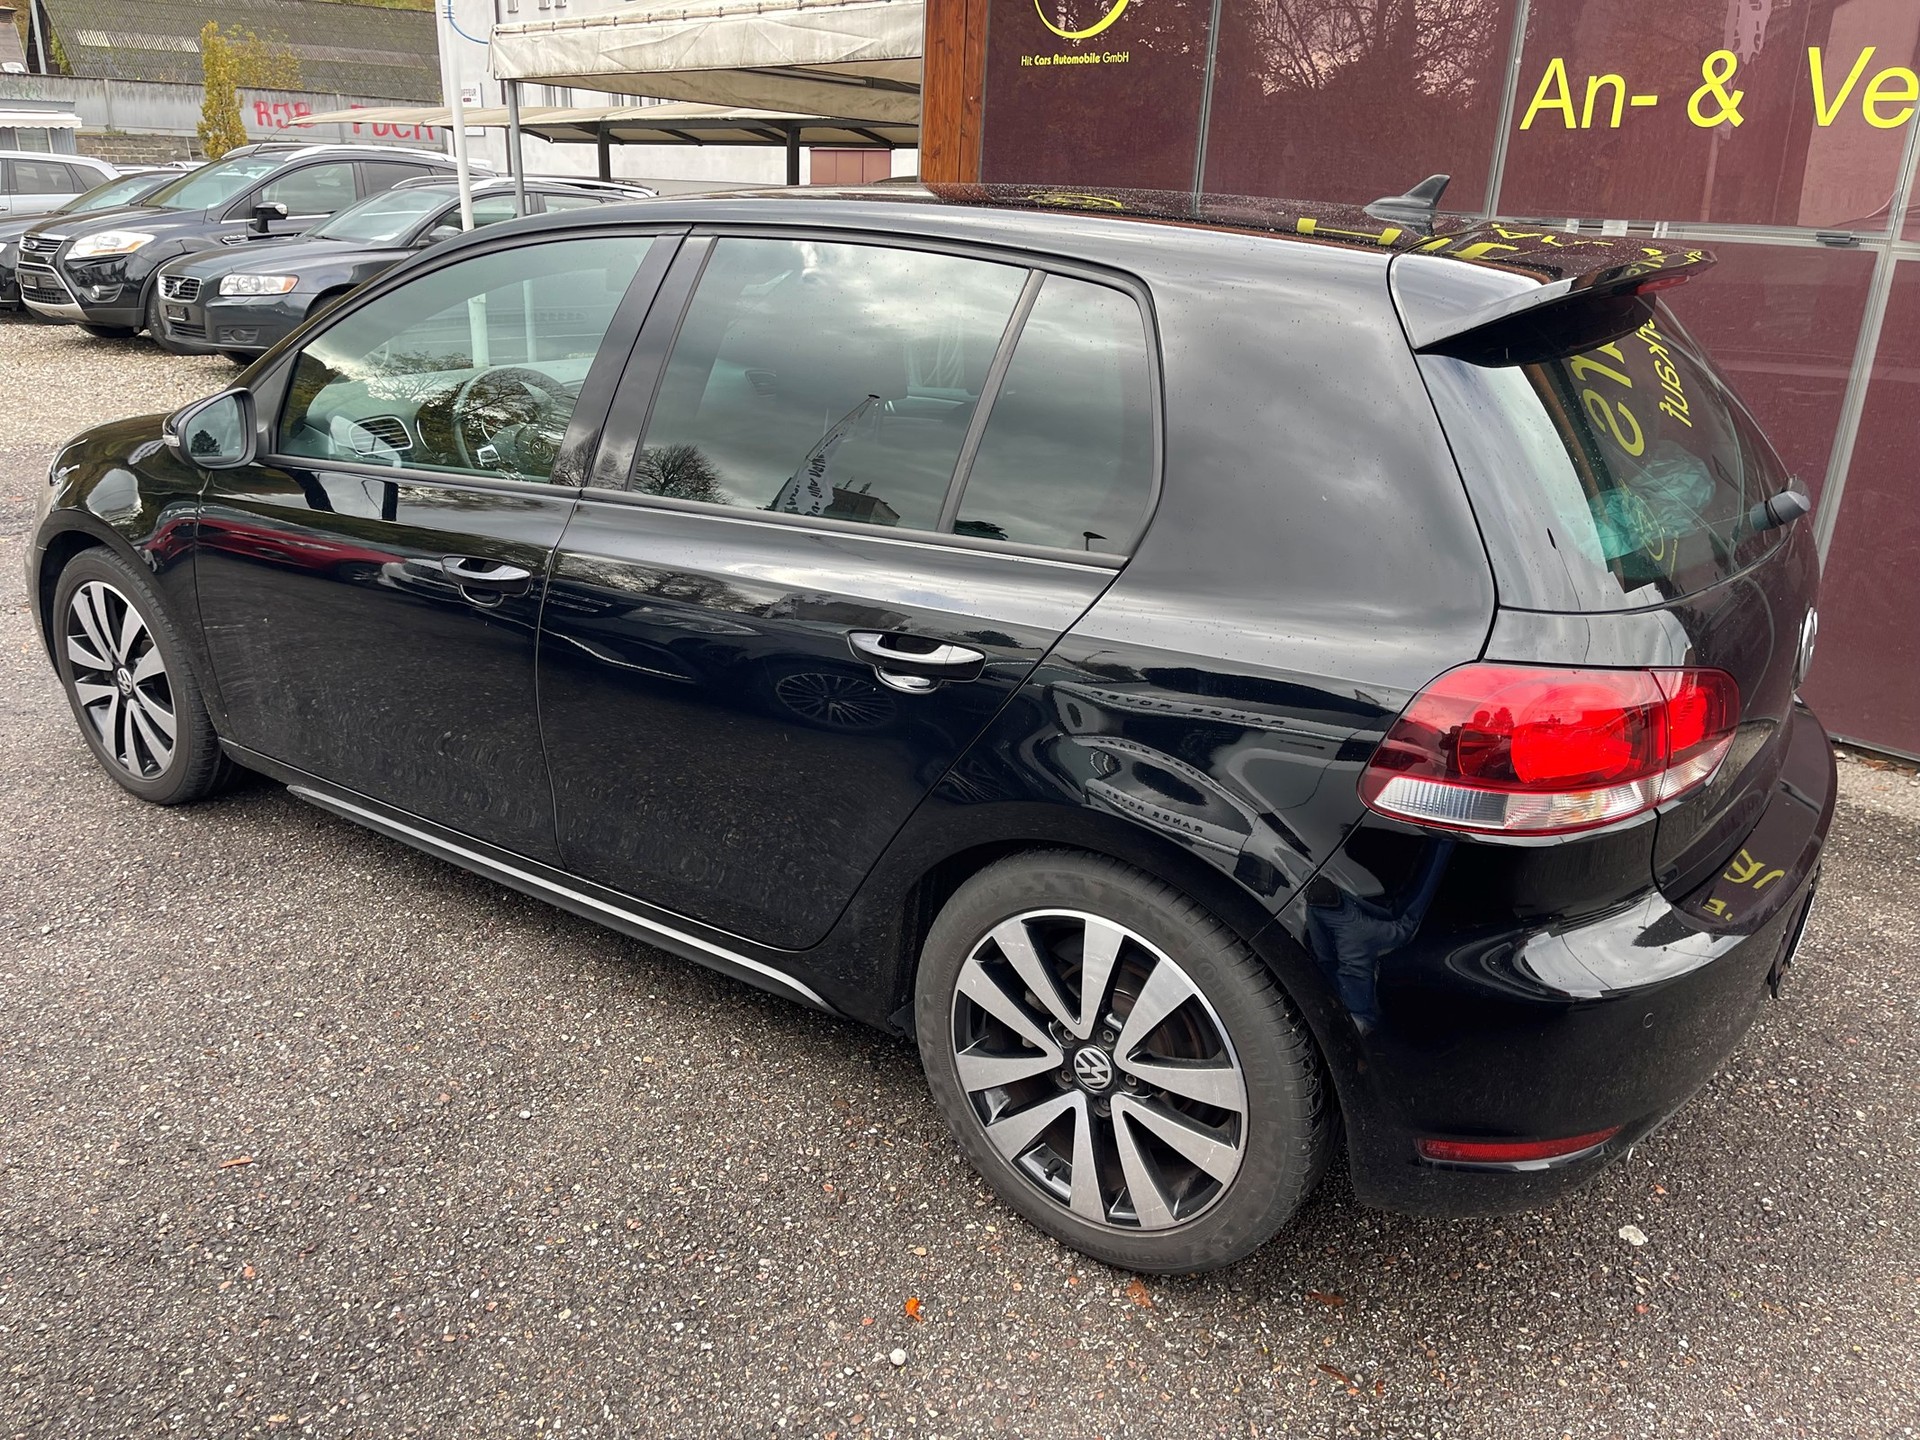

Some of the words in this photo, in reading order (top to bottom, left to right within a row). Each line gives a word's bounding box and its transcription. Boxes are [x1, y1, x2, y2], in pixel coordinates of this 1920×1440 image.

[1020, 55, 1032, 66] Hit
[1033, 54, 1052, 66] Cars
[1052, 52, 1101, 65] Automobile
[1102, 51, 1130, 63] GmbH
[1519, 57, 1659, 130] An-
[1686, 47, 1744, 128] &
■ ■ ■ ■
◆ Work to be completed
Leaving out the pictures, reproduce the whole listing above exactly.

◆ Reply
Some of the words in this photo, in reading order (top to bottom, left to right within a row). Each line gives a word's bounding box and its transcription. Boxes are [x1, y1, x2, y2], in pixel coordinates of this 1920×1440 image.

[1020, 55, 1032, 66] Hit
[1033, 54, 1052, 66] Cars
[1052, 52, 1101, 65] Automobile
[1102, 51, 1130, 63] GmbH
[1519, 57, 1659, 130] An-
[1686, 47, 1744, 128] &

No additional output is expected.